(Collected data)

[Start of section]

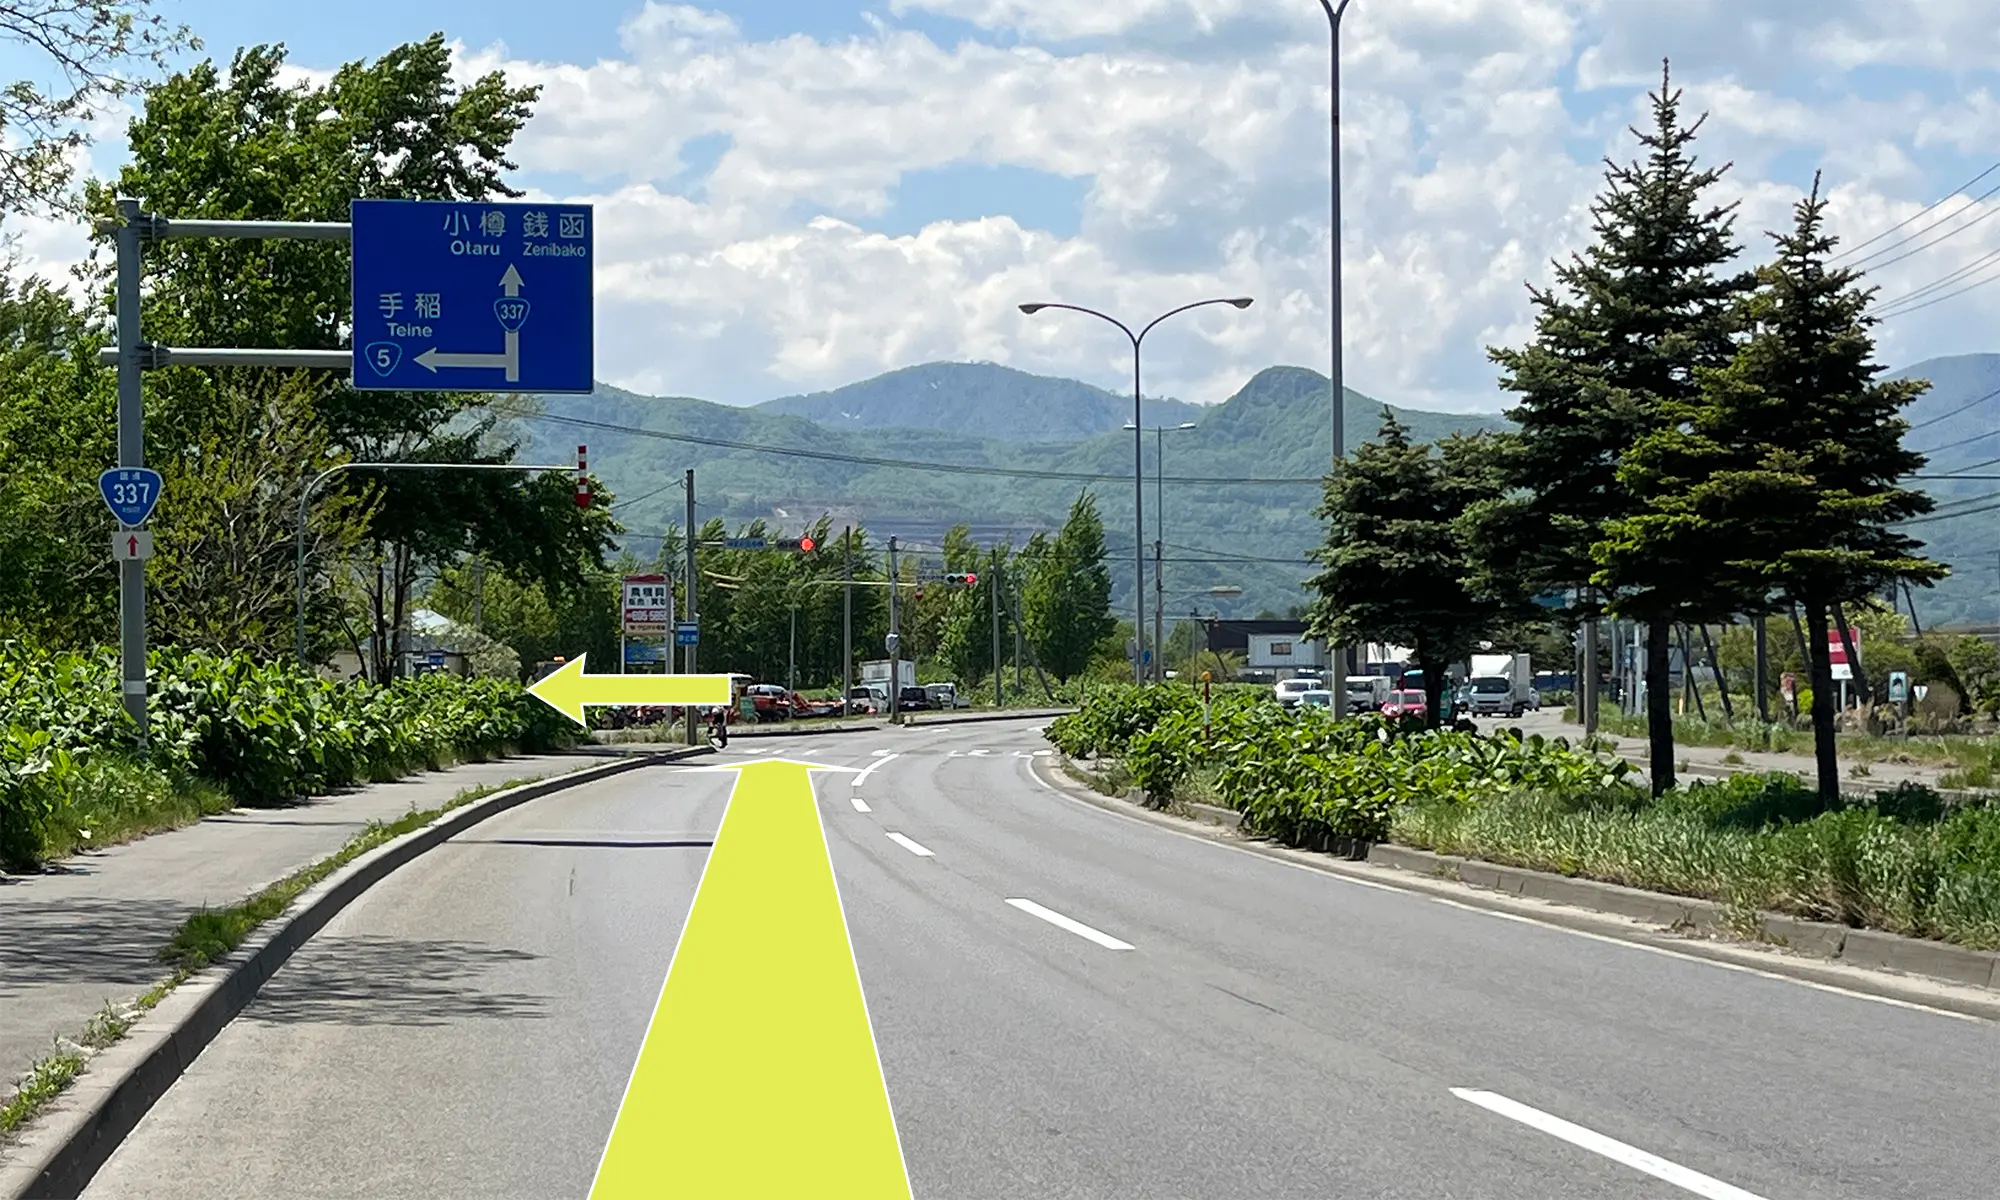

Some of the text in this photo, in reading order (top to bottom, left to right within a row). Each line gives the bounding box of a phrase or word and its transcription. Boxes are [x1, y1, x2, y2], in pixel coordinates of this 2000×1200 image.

[443, 210, 586, 239] 小樽 銭函
[450, 240, 587, 258] Otaru Zenibako
[378, 292, 442, 319] 手稲
[500, 304, 525, 320] 337
[386, 322, 433, 338] Teine
[376, 349, 391, 367] 5
[113, 483, 150, 504] 337
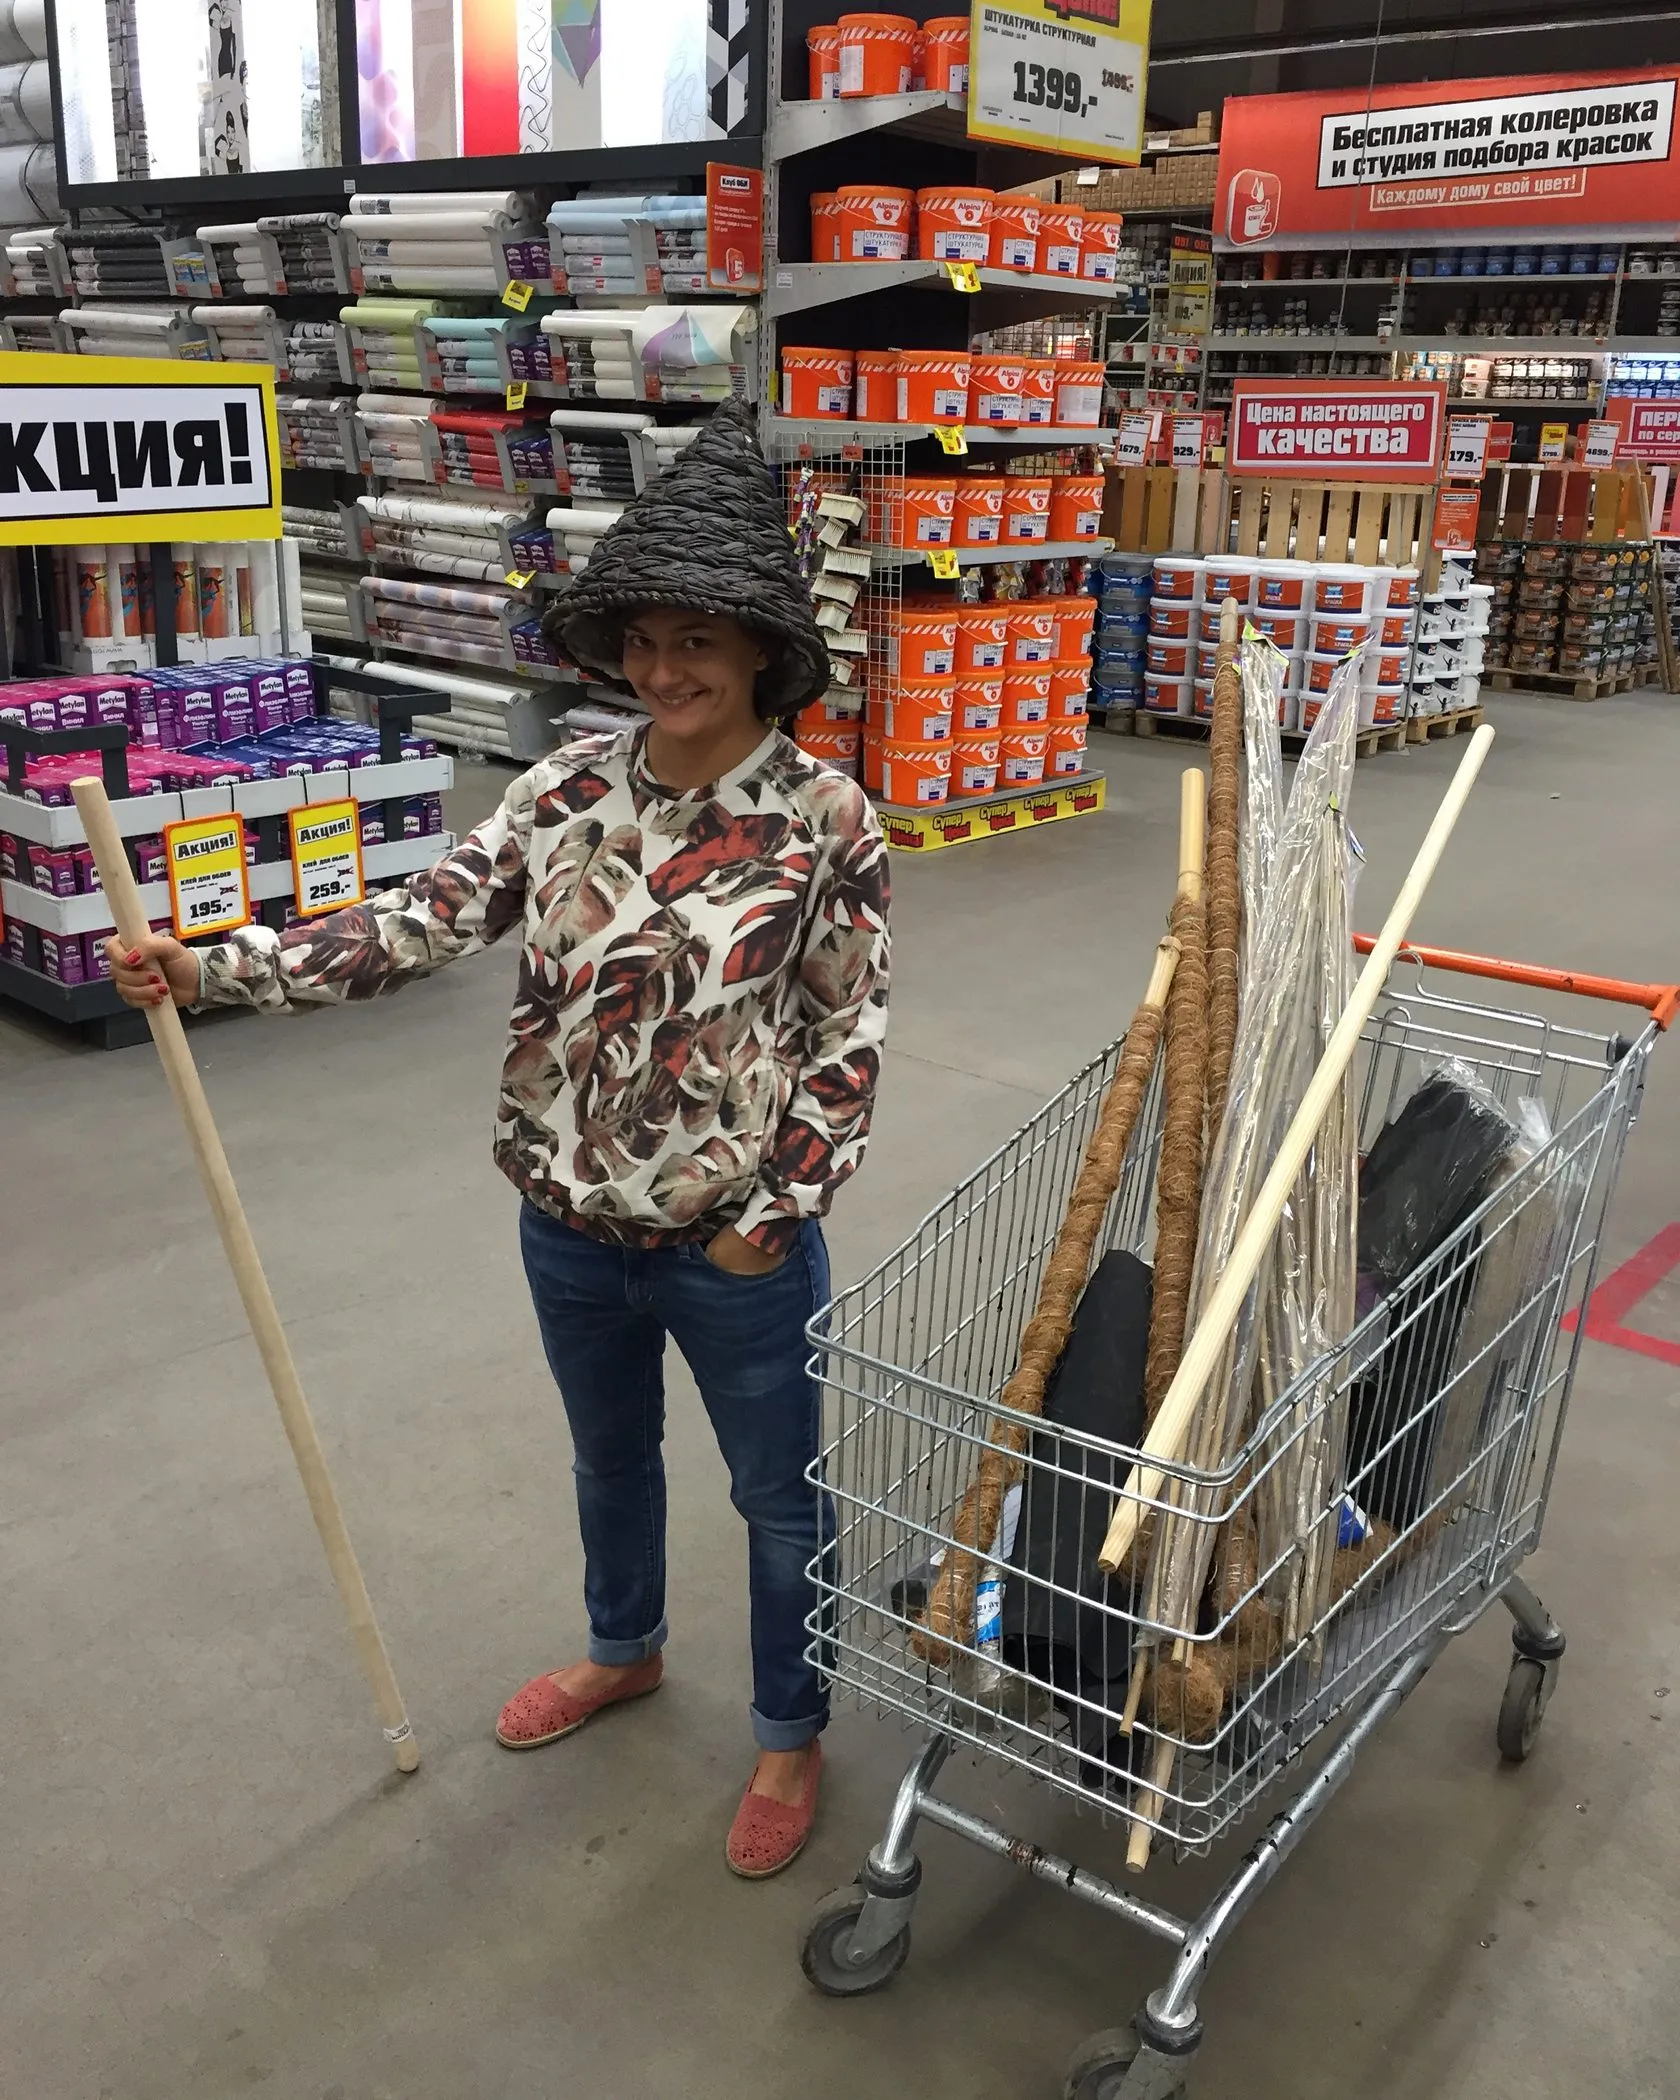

[End of section]

Retype the data above as given, letting no picture into the copy.

## Task output
Some of the text in this photo, in reading order (top to bottom, left to right within a row). Each line gives the bounding box of a phrase or word and its transcription. Boxes are [x1, y1, x2, y2], in pixel coordinates of this 2000×1200 image.

[443, 210, 586, 239] 小樽 銭函
[450, 240, 587, 258] Otaru Zenibako
[378, 292, 442, 319] 手稲
[500, 304, 525, 320] 337
[386, 322, 433, 338] Teine
[376, 349, 391, 367] 5
[113, 483, 150, 504] 337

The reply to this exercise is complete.